The research, conducted with Oaktree Insights and Consulting, surveyed 1,200 Australians. It found that 74% of young Australians begin product research on social media or AI rather than a traditional search engine. Across the full population, 40% still turn to Google first, highlighting a marked gap between younger users and the wider market.
The findings add to evidence that product discovery is shifting away from conventional web search towards social platforms, creator content and conversational tools. Social media now accounts for 29% of all product discovery among Australians, compared with 9% for brand websites.
Among younger consumers, social profiles also play a larger role at the point of purchase. The study found that 42% of young Australians go to a brand's social profile to make final purchase decisions, while 11% start on brand websites.
Generational shift
The change is not limited to Gen Z. Oysterly Media found that 30% of Gen X Australians now discover products while scrolling social media feeds, suggesting the shift in search and discovery behaviour has spread beyond the youngest adult consumers.
The company argues this has implications for marketing budgets that remain weighted towards traditional search channels. Melissa Laurie, Chief Executive Officer and Founder of Oysterly Media, said the figures show a disconnect between consumer behaviour and media spending.
"Australian marketers are still allocating significant budget to search channels their customers have already moved away from. The data tells us where the audience is. The next step is making sure the spend follows them there," Laurie said.
The broader market backdrop points in the same direction. Global industry data cited alongside the study indicates that search advertising is becoming more fragmented as social platforms, AI-led tools and app-based discovery draw both attention and ad spend away from legacy search models.
According to eMarketer data referenced in the study, Google's share of US search advertising spending is expected to fall below 50% in 2026, down from 67.1% a decade earlier. Advertisers are projected to spend more than USD $100 billion on non-Google search ads by 2028.

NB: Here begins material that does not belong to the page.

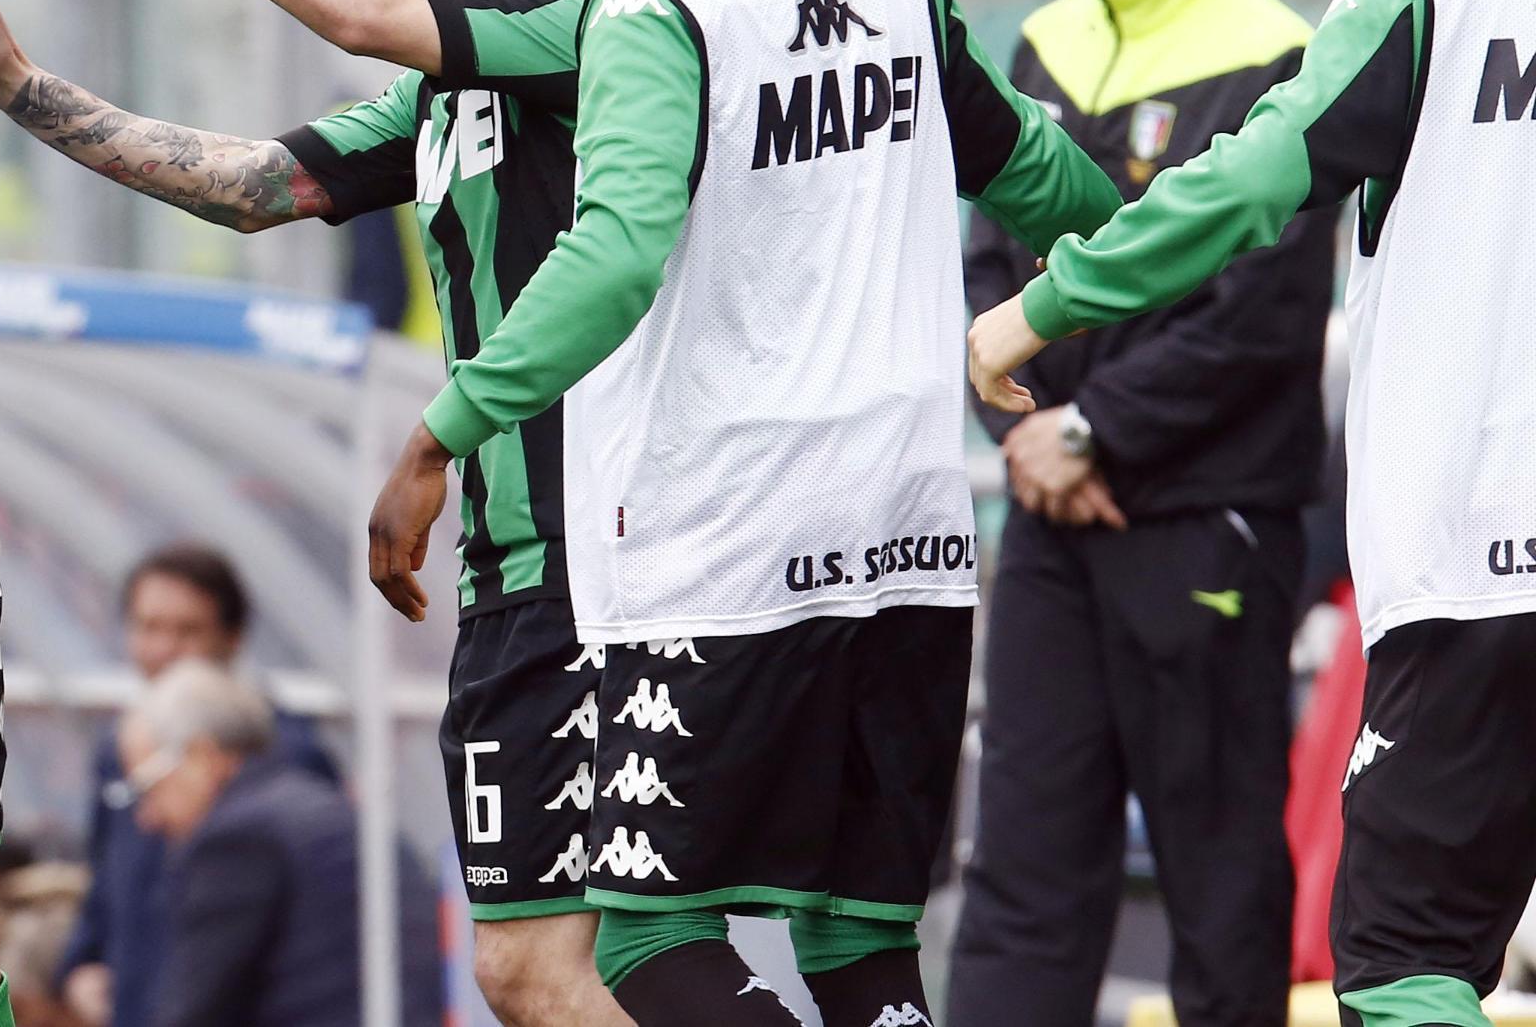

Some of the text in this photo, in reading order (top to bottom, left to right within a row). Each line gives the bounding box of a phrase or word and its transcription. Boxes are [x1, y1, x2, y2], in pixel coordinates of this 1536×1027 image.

[751, 56, 922, 171] MAPEI
[787, 552, 853, 591] U.S.
[463, 740, 502, 844] 6

That trend coincides with changes inside the search market itself, as major platforms move from ranked links towards more conversational and integrated forms of discovery. The report points to growing overlap between search, reviews, maps, video and in-app purchasing, especially on social platforms.
Trust factors
The study also examined how Australians assess information before buying. More than eight in 10 respondents said they cross-check information before making a purchase, reflecting a high level of caution in an environment shaped by fake reviews, sponsored content and AI-generated material.
This scepticism helps explain why creator demonstrations, customer reviews and short-form user content are gaining influence. These formats sit closer to peer recommendation than direct brand advertising, which may make them more persuasive at the decision stage.
Laurie said marketers should not assume social-first content is relevant only to younger audiences.
"The idea that short-form video is something you create to reach young people is no longer accurate. Gen X grew up in an era of window shopping and word of mouth. The social feed is just a digital version of both, and they have taken to it. Brands that are not building for that audience on social are leaving real money on the table," Laurie said.
The research draws on external data to support that argument. Kantar's Beyond the Search Bar report, cited in the study, found that 61% of purchase consideration actions happen via short-form videos and reels, while creator demos and reviews account for 43%, and user-generated content and customer reviews for 41%.
The same Kantar data found that 63% of consumers say purchases happen faster when social plays a role in their decision, while 65% say they feel more confident about a purchase when they encounter the product on social first. Oysterly Media said these findings show that trust and speed are increasingly driving the move towards social search.
For brands, the immediate question is whether marketing plans reflect where customers now look for information. The figures suggest that for many Australians, especially younger ones, discovery no longer starts with a search box but with a feed, a video or an AI tool.
"Australians are changing where they search, and what they trust. Brands that understand that shift and build content that earns attention rather than buying it are the ones that will come out ahead," Laurie said.